What parents need to know about vaping

At this free lecture, find out about why vaping isn't safe and how it may even be a gateway for youth to take up smoking cigarettes

To raise awareness of the dangers of vaping and electronic cigarettes, McGill University and the Jewish General Hospital’s Stroll Cancer Prevention Centre have organized a free public lecture downtown on Nov. 27 called Are E-Cigarettes a New Addiction?

According to Joseph Erban, Smoking Cessation Counsellor at the Stroll Cancer Prevention Centre, there has been a marked and rapid increase in vaping in Canada, particularly among teenagers and young adults.

In a study published in the British Medical Journal, led by University of Waterloo professor David Hammond, vaping increased 74 per cent from 2017 to 2018 among young adults aged 16 to 19, from 8.4 per cent to 14.6 per cent. The study also showed that during the same time period, there was a 45 per cent increase in cigarette smoking among 16- to 19-year-olds — from 10.7 per cent to 15.5 per cent.
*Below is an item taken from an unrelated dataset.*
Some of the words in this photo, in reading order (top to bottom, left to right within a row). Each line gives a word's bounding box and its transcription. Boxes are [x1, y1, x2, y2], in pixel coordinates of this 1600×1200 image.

“The study sort of set off an alarm bell that maybe we have to do something [to warn] people that vaping is not safe and it could be a gateway to smoking cigarettes, which is for sure not safe,” Erban says.

Before 2017, studies had showed a steady decrease in youth smoking in Canada.
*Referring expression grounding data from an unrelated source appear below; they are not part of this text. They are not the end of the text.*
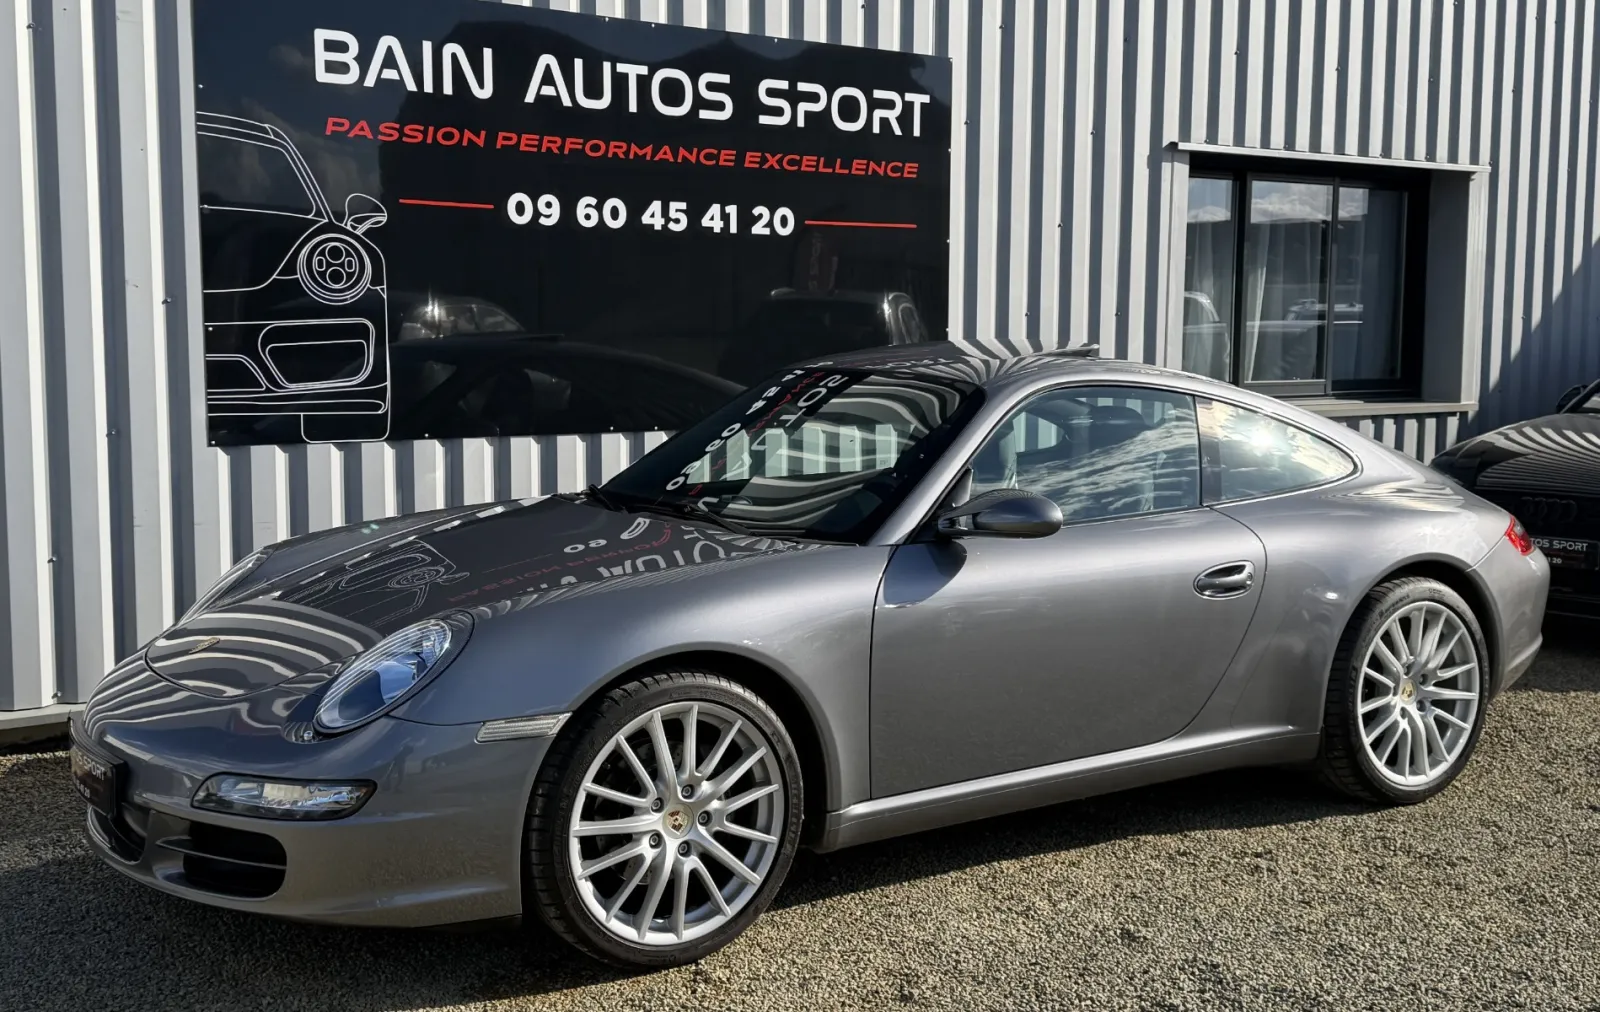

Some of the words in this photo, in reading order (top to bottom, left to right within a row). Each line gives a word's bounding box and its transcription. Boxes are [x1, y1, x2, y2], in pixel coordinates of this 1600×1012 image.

[313, 28, 494, 100] BAIN
[523, 53, 734, 121] AUTOS
[757, 78, 931, 137] SPORT
[325, 117, 487, 147] PASSION
[496, 131, 737, 167] PERFORMANCE
[744, 151, 919, 179] EXCELLENCE
[506, 192, 561, 226] 09
[576, 195, 627, 229] 60
[641, 200, 688, 232] 45
[700, 203, 738, 234] 41
[751, 205, 795, 236] 20
[1553, 540, 1588, 551] SPORT
[83, 756, 105, 780] SPORT
Erban will be joined by Dr. Prabhat Jha, a professor in the department of Epidemiology at the University of Toronto and member of the Order of Canada, and Flory Doucas, Co-Director and Spokesperson from the Quebec Coalition for Tobacco Control.
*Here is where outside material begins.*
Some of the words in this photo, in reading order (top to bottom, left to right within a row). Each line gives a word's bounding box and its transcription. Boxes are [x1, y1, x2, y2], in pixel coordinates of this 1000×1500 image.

Organizations such as the Quebec Lung Association, Health Canada, Chabad Lifeline, Bgreen and Colorectal Cancer Canada will have representatives on hand to discuss their programs and initiatives.

This English lecture will take place from 6:30 p.m. to 7:45 p.m. at McGill’s New Residence Hall, located at 3625 Park Ave. No reservation is required, but seating is limited.